Needle Work
I want a poetry that has stopped taking selfies
& trains its lens instead through a backstreet window
several storeys up, to focus on a machinist
who works with fabric she could never afford
on the wage she’s paid for sewing it, poetry
that notes how she wrings value from unclocked
slivers of time when her thought veers off, freed
by some fleeting sideshow in the burning-up of hours –
let’s say when she notices how offcut loops of ribbon
mimic curlicues of seaweed, or a ray of incoming sunlight
snags itself & bleeds brightness on the upturned point
of her scissors. This is how she steals back a different
something of herself from every item she produces:
her attention overflows the process she’s meant
to operate as if programmed, lends each stitch
a separate context, its own exception to the steely
law of sameness.

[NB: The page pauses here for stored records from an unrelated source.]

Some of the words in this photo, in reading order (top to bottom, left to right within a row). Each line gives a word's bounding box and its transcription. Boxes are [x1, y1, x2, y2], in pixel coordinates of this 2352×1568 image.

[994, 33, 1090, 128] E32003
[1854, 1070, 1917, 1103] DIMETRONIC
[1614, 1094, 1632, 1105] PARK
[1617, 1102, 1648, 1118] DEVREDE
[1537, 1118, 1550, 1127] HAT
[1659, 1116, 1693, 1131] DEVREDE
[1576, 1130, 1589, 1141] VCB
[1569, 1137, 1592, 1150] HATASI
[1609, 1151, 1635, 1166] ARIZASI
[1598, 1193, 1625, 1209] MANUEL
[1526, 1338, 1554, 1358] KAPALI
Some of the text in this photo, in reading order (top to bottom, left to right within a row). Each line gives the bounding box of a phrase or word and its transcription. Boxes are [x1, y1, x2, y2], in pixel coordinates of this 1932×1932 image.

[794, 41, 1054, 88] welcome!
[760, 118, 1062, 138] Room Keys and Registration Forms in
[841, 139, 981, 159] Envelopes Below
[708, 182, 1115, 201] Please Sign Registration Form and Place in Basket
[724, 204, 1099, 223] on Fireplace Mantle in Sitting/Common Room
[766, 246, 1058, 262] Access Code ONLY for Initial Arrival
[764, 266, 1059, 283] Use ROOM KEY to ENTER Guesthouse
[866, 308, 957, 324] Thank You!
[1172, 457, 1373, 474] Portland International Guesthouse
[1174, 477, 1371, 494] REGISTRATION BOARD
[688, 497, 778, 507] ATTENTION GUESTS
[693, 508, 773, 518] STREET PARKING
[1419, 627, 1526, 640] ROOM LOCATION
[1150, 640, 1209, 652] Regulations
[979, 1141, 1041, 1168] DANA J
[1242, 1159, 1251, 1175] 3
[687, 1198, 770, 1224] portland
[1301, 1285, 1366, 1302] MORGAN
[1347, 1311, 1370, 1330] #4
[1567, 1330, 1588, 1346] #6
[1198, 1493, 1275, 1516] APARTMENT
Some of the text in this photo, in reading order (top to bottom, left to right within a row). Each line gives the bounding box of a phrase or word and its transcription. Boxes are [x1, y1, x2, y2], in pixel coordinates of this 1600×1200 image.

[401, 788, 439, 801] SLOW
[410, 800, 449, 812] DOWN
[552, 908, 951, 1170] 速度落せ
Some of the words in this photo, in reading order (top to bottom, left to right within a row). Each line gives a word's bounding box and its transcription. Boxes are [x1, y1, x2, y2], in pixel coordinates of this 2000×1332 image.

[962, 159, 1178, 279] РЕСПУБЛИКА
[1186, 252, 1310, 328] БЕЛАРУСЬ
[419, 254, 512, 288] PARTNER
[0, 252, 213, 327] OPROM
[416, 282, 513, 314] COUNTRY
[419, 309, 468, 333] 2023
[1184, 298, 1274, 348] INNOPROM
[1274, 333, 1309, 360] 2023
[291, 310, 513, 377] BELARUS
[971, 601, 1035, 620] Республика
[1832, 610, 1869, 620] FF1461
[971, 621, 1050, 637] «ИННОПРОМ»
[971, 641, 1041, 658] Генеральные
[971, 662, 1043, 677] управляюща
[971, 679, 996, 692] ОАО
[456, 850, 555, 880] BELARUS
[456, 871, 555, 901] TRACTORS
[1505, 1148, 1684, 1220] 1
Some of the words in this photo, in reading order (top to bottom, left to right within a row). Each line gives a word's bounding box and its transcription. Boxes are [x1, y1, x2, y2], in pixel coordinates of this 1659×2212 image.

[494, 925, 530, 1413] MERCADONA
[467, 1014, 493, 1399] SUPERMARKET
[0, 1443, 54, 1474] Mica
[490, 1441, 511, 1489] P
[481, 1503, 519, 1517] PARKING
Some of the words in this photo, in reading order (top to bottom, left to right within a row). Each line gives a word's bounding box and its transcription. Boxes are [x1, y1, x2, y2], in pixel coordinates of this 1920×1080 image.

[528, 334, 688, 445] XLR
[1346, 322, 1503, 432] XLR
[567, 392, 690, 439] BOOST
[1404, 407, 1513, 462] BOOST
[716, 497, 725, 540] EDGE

Of course, we are dealing in abstracts
here, not practicality, talking coin she cannot spend,
segments of her life she won’t regain, resistance unable
to break the no-talk rule & visible only in her glancing
up for a second from her work & out of the window
to the rooftops where this poem is waiting to speak of her.
***
Instructions for a Scattering
Carry the cardboard box & its birthweight
of ashes to that clearing at the edge
of Whippendell Wood where my dog
ran springing head up through wave
after wave of bluebells that surged
from the leaf-rot with their faint fragrance,
their colour of heaven : & there release
my dust & cindered bone to the air.
If you need a story, imagine that any shred
of mind remaining in those fragments
will dissolve in rain & be taken up by rootlets,
lend its energy to the strategies for growth
written into bulb & bud: stretch it
a bit, & conjure a background hum –
a presence dialled down to a few becquerels
but still vibrating, just, in this location
where another hound is bound to leap,
delighting her young humans on a walk
some weekend, the dad calling out as mine did,
Oh watch the little beauty fly!
Steve Xerri was Canterbury Festival Poet of the Year 2017 and has appeared in numerous print and online magazines including Clear Poetry, Fortnightly Review, Ink Sweat and Tears, The Interpreter’s House, One Hand Clapping, The Poetry Shed, Poetry Society Newsletter, and Ben Banyard’s blog. His first pamphlet Mutter/Land was published in 2020 by Oystercatcher Press.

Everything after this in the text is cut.